Chapter XI
GALVANISM AND ELECTRO-PLATING

Simple Electro-plating

To the average boy experimenter, electro-plating is one of the most fascinating of the uses to which electricity may be put. In scientific language the process is known as electrolysis, and involves the separation of a chemical compound into its constituent parts or elements by the action of an electric current and the proper apparatus. Electrolysis cannot take place, however, unless the liquid in the tank, commonly called the electrolyte (no relation to electric light), is a conductor.

Water, or water with mixtures of chemicals, such as sulphate of copper, sulphate of zinc, chloride of nickel, cyanide and nitrate of silver, or uranium and other metallic salts, are good conductors. Oil is a non-conductor, and a current will not pass through it, no matter what the pressure may be. The simplest electro-plating outfit, and the one that a boy should start with, is the sulphate of copper bath, such as is commonly employed by makers of electrotypes, and which is in extensive use by refiners of copper for high-grade electrical use.

More than half of the total output of copper in the world is used for electrical work—conductors, switches, and all sorts of parts—and since any impurity in the copper interferes with its conducting powers, it is most important that it should be free from any traces of carbon or arsenic. The electrolytic refining of copper is now a very important process in connection with electric work, and about half a million tons of copper are treated annually to free it from all impurities. Moreover, the gold, silver, and other valuable metals which may be found in copper-ore are thus recovered.
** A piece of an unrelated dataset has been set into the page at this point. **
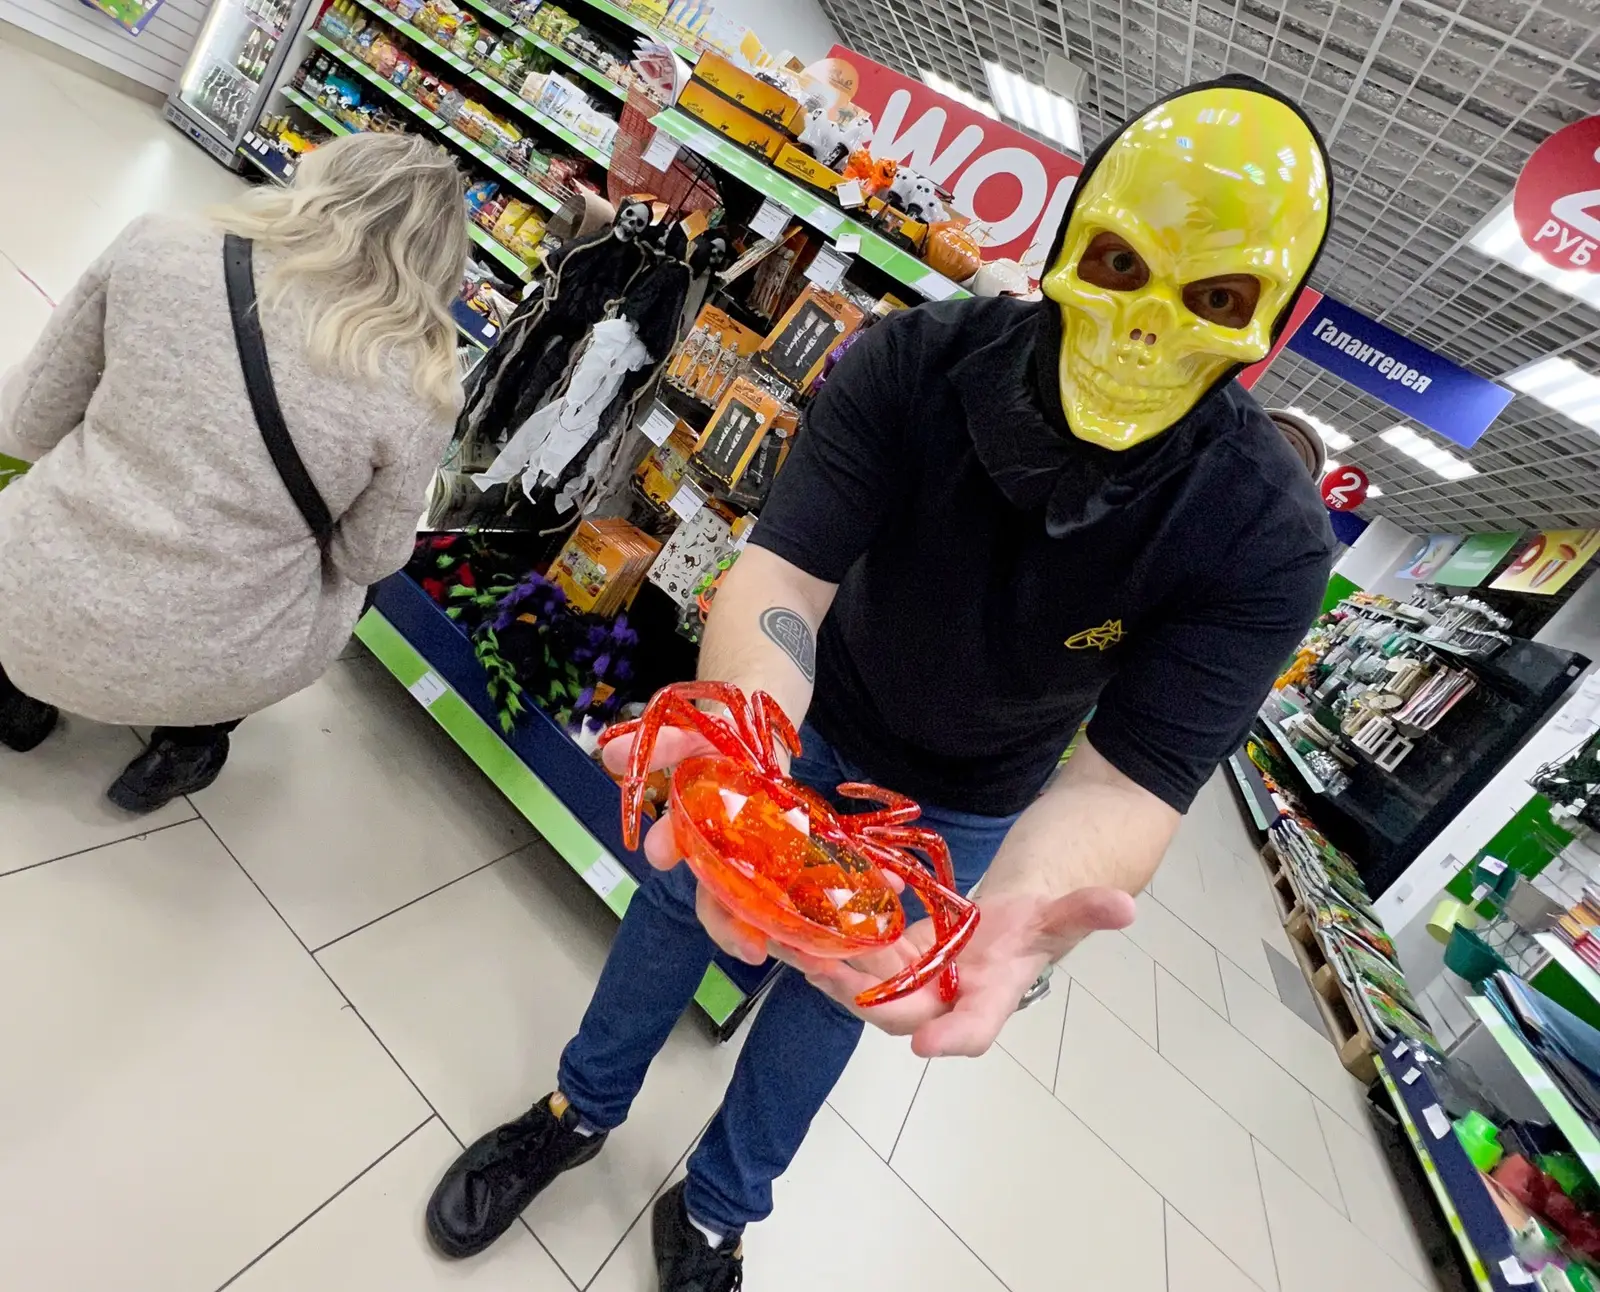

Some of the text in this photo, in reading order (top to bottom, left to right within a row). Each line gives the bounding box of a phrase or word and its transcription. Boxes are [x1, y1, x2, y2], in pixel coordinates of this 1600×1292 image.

The electro-plating, electrotyping, and refining operations are one and the same thing; but in the first instance the object to be plated is left in the solution only a short time or until a blush of copper has been applied. In the second process the wax mold is left in long enough for a thin shell of copper to be deposited; and in the third, the kathodes are immersed until they are heavily coated with copper. To carry on any of these operations it will be necessary to have a small tank or glass jar to hold the plating-bath or electrolyte. Preferably it should be of a square or oblong shape. But a serviceable tank may be constructed from white-wood, pine, or cypress, if proper care is taken in making and water-proofing ([Fig. 1]). For experimental purposes a tank eighteen inches long, ten inches wide, and twelve inches deep will be quite large enough to use as a copper bath. For silver, nickel, or gold, smaller tanks should be employed, as they contain less liquid, or electrolyte, which in the more valuable metals is expensive.
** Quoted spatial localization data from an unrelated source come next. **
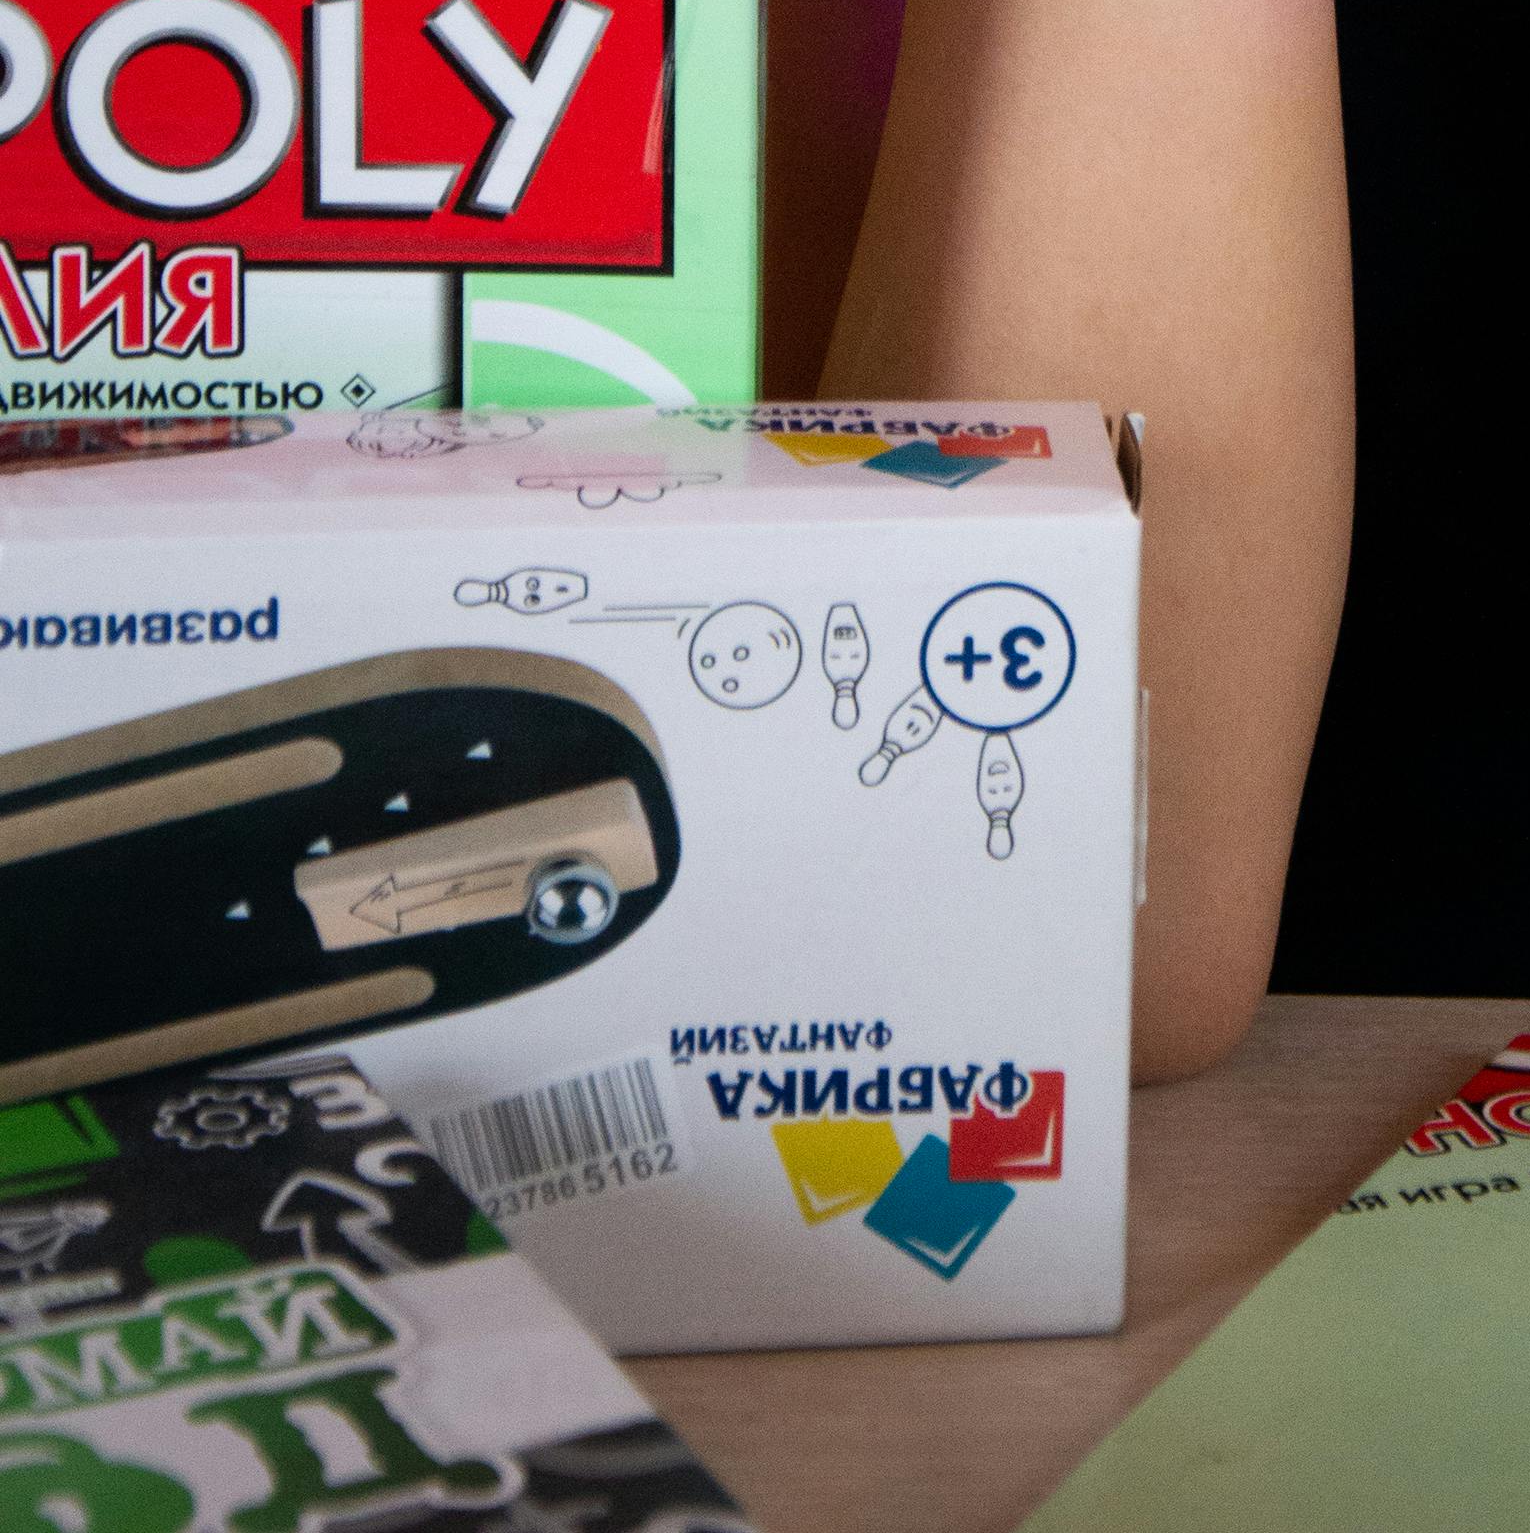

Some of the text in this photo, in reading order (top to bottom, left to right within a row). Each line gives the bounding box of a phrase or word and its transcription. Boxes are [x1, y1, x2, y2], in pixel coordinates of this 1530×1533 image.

[0, 380, 324, 415] ВИЖИМОСТЬЮ
[943, 625, 1046, 691] 3+
[669, 1020, 893, 1065] ФАНТАЗИЙ
[706, 1061, 1030, 1122] ФАБРИКА
[1399, 1173, 1520, 1204] игра
[0, 1277, 372, 1415] МАЙ
Obtain a clear plank twelve inches wide, well seasoned, and free from knots or sappy places. Cut two sides twenty inches long and two ends eight inches long. With chisel, saw, and plane shape the ends of the side planks as shown at [Fig. 2]; or if there is a mill at hand it would be well to have the ends cut with a buzz-saw, thus insuring that they will be accurate and fit snugly. Screw-holes are bored with a gimlet-bit, and countersunk, so that screws will pass freely through them and take hold in the edges of the boards. Screws and plenty of white-lead, or asphaltum varnish, should be used on these points to make them water-tight; then the lower edge of the frame is prepared for the bottom board. Turn the tank bottom up, and, with a fat steel-wire nail and a hammer, dent a groove at the middle of the edge of the planks all around, as shown in [Fig. 3]. It will not do to cut this out with a gouge-chisel, because it is intended that the wood should swell out again if necessary. The object of driving the wood down is to form a valley into which a line of cotton string-wicking, soaked in asphaltum varnish or imbedded in white-lead, may be laid. This should be done (as shown in [Fig. 4]) before the bottom is screwed on, so that afterwards (in the event of the joint leaking) the wood will swell and force the wicking out, and thus properly close the fissure.

The bottom board should be provided with holes all around the edge, not more than two inches apart, through which screws can be driven into the lower edge of the tank. Treat the wood, both in and outside, to several successive coats of asphaltum varnish, and as a result you will have a tank resembling [Fig. 1].

Two shallow grooves are to be cut in the top of each end board of the tank, for the cross-bars to fit in immovably. These bars should be about three inches apart; and the ones holding the anodes, or flat copper plates, should be close to one side, leaving plenty of room for objects of various sizes to be properly immersed.